Task details | Transcribe each record below word for word.

Task material |

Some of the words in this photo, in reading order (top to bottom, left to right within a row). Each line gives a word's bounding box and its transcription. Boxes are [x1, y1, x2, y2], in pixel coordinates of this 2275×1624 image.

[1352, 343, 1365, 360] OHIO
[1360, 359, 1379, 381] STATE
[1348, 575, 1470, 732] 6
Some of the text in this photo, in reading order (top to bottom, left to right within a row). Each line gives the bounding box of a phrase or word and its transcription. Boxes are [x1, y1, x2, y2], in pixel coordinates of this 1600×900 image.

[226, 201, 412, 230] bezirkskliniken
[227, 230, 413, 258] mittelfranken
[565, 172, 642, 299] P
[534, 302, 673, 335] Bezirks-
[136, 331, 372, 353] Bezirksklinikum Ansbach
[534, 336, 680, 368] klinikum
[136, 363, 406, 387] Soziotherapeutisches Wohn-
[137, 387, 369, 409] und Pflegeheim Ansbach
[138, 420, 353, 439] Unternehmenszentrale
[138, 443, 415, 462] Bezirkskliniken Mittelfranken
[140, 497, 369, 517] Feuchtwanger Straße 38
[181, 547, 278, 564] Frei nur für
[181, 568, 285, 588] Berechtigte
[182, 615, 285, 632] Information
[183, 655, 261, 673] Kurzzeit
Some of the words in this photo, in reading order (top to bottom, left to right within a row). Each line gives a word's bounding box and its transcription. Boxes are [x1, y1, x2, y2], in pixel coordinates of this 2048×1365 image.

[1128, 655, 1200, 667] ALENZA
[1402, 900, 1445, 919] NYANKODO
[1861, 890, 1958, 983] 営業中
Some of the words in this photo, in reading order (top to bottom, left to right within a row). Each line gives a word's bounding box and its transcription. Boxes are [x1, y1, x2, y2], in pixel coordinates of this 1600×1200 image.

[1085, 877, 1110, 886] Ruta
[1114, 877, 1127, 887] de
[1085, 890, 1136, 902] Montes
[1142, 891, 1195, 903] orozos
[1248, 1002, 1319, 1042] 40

Output for this task |
Some of the words in this photo, in reading order (top to bottom, left to right within a row). Each line gives a word's bounding box and its transcription. Boxes are [x1, y1, x2, y2], in pixel coordinates of this 2275×1624 image.

[1352, 343, 1365, 360] OHIO
[1360, 359, 1379, 381] STATE
[1348, 575, 1470, 732] 6
Some of the text in this photo, in reading order (top to bottom, left to right within a row). Each line gives the bounding box of a phrase or word and its transcription. Boxes are [x1, y1, x2, y2], in pixel coordinates of this 1600×900 image.

[226, 201, 412, 230] bezirkskliniken
[227, 230, 413, 258] mittelfranken
[565, 172, 642, 299] P
[534, 302, 673, 335] Bezirks-
[136, 331, 372, 353] Bezirksklinikum Ansbach
[534, 336, 680, 368] klinikum
[136, 363, 406, 387] Soziotherapeutisches Wohn-
[137, 387, 369, 409] und Pflegeheim Ansbach
[138, 420, 353, 439] Unternehmenszentrale
[138, 443, 415, 462] Bezirkskliniken Mittelfranken
[140, 497, 369, 517] Feuchtwanger Straße 38
[181, 547, 278, 564] Frei nur für
[181, 568, 285, 588] Berechtigte
[182, 615, 285, 632] Information
[183, 655, 261, 673] Kurzzeit
Some of the words in this photo, in reading order (top to bottom, left to right within a row). Each line gives a word's bounding box and its transcription. Boxes are [x1, y1, x2, y2], in pixel coordinates of this 2048×1365 image.

[1128, 655, 1200, 667] ALENZA
[1402, 900, 1445, 919] NYANKODO
[1861, 890, 1958, 983] 営業中
Some of the words in this photo, in reading order (top to bottom, left to right within a row). Each line gives a word's bounding box and its transcription. Boxes are [x1, y1, x2, y2], in pixel coordinates of this 1600×1200 image.

[1085, 877, 1110, 886] Ruta
[1114, 877, 1127, 887] de
[1085, 890, 1136, 902] Montes
[1142, 891, 1195, 903] orozos
[1248, 1002, 1319, 1042] 40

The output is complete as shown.